Infertility is a thief. It steals so much. I think that's why I wanted an infant. If I wasn't able to experience the pregnancy, delivery, first moments, etc then I wanted to catch up on lost time as soon as I good. Plus the earlier the child is with us, the sooner we can start working on bonding and attachment.
Yesterday, I received a text from a friend asking if we were completely sold on newborn. I told her about our parameters and my reasoning for wanting newborn/infant. She completely understood. She proceeded to me the story- it was a family member of her husband's and the child was two. My friend and her husband could not take him in right now. Something made me tell her that I would talk to Hubby and then I asked for additional information.
I was traveling so I had a lot of time to think. It struck me. I didn't ask God to show me the parameters that He wanted for us- I simply said what I wanted and went with it. I really got to thinking about it. This little boy couldn't help the fact that he was 2. He has experienced a lot of trauma for his little life. Before transitioning to full time adoption with my job, I worked with foster kids and children in residential settings for 6 years. I know how to deal with their hurts, the impact that trauma can have on development, bonding and attachment. Was there now all of a sudden a reason why?

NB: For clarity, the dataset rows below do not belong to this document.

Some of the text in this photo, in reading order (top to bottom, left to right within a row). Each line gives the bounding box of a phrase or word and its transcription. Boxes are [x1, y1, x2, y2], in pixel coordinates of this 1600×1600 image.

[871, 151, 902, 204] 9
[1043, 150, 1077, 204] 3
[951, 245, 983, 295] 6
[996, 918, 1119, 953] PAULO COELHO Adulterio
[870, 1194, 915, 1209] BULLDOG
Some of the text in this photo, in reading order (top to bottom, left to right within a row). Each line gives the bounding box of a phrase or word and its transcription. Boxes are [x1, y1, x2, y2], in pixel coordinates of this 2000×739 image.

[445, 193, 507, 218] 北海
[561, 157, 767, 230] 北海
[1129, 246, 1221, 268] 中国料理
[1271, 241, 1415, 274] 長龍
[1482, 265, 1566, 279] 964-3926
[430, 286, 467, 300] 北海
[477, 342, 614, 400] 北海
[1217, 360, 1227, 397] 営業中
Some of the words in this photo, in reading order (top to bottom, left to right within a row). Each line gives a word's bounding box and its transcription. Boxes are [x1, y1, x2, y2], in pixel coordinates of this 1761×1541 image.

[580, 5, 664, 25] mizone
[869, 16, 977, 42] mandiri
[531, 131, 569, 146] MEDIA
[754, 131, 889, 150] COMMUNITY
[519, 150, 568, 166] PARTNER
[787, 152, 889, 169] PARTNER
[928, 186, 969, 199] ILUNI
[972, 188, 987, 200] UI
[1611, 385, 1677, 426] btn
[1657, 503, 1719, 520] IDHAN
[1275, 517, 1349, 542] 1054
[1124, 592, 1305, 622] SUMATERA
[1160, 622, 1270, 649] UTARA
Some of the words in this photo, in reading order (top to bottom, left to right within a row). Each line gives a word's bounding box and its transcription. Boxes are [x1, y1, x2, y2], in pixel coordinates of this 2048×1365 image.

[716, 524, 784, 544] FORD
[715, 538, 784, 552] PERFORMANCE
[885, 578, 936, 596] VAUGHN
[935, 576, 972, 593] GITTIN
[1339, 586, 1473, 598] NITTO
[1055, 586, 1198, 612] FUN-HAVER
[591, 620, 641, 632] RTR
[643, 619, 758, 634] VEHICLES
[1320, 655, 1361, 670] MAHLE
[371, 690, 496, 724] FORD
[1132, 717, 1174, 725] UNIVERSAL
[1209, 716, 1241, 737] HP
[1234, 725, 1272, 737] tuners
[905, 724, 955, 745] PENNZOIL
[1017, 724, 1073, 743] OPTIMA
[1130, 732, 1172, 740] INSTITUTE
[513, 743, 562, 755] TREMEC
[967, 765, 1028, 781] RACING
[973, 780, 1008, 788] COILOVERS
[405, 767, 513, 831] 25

I knew what Hubby would say- "yes" and that we would walk through any door that opened as far it would take us. I knew it would be hard. My friend called me back and confirmed some of my suspicions and answered questions that I already had answered in my mind (because of knowing how the foster care system works). It was not even an option for us. But that's okay. I knew that I had to be willing to surrender my "yes" and be willing to let go of my expectations and desires. After all, this isn't about me at all. When I finally made it home that evening, I talked with Hubby about this situation. Again, he confirmed he was okay with a toddler. I don't think we would be comfortable with older than age 2 or 3 at this point in our lives. I was a little disappointed but even more excited about may happen because we surrendered our "yes."